Dog nails are different than ours. They have an inner part with living tissue and an outer hard shell. The inner part is called “the quick.” The quick actually has nerves and blood vessels in it. So if you accidentally cut too deep while cutting your dog’s nails it will bleed and may hurt your dog. Some dogs respond poorly to surprise or pain. They may yelp or even bite when they feel a sudden pain. So, how do you safely trim a dog’s nails without getting bit?

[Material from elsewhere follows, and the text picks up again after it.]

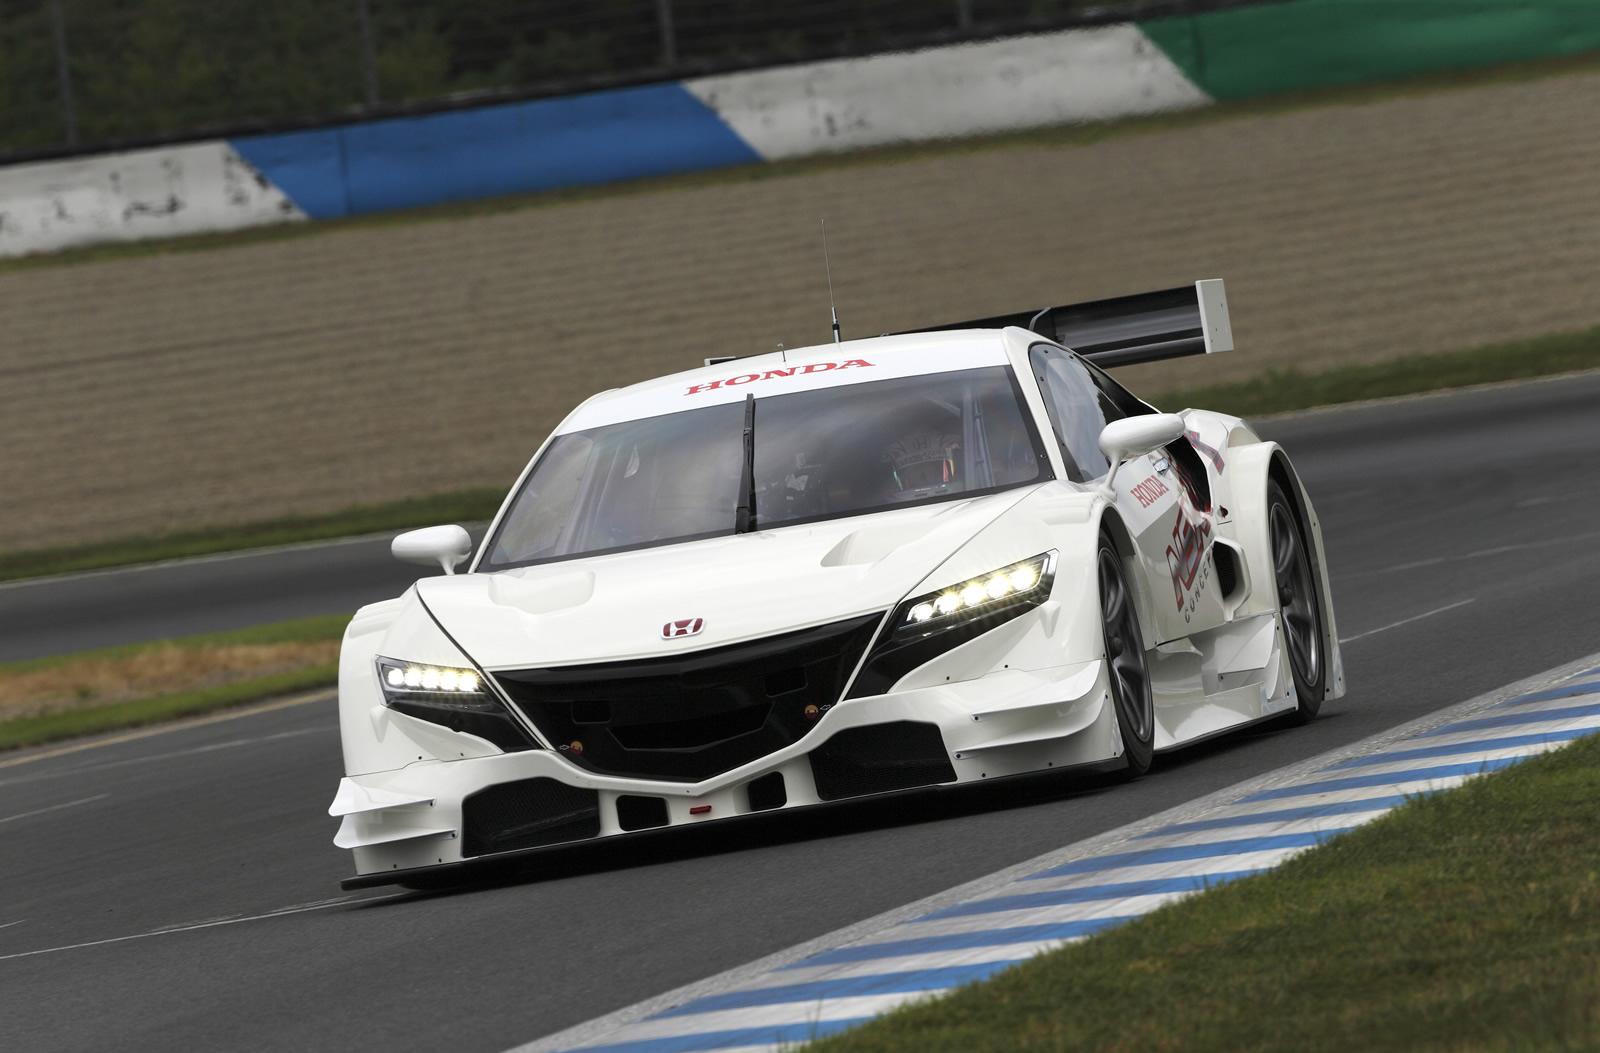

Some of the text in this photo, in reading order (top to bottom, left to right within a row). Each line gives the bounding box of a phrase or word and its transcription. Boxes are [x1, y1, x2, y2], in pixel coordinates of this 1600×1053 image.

[684, 358, 876, 396] HONDA
[1130, 474, 1170, 509] HONDA
[1184, 546, 1213, 624] CONCEP

How to Safely Trim Your Dog’s Nails

Some pet owners simply do not want to deal with this task, so they take their dog to the groomer. Groomers should know how to properly trim a dog’s nails. When choosing a safe groomer, read their reviews online to make sure they have a good reputation in your community.

However, some dogs get very nervous about going to the groomer and would prefer to have their nails trimmed at home. You know your dog best, so you can make the choice that would best suit them.

What Tools Do You Need to Trim Your Dogs Nails?

In order to cut your dog’s toenails at home, you will primarily need a nail clipper. Check out our reviews of the best dog nail clippers to choose the best one!

There are a few different types of dog nail clippers:

  • Guillotine dog nail clippers
  • Spring-loaded nail scissors
  • Plier-style nail clippers (best for dogs with thick nails)
  • Dog nail clippers with a guard
  • Dog nail clippers designed specifically for small dogs

Experts say you can also use human nail clippers for small dogs or puppies, but that they don’t let you see what you are doing as well as ones designed for dogs. There are larger nail clippers for larger dogs and smaller ones for small dogs. Get one that is recommended for your dog’s size.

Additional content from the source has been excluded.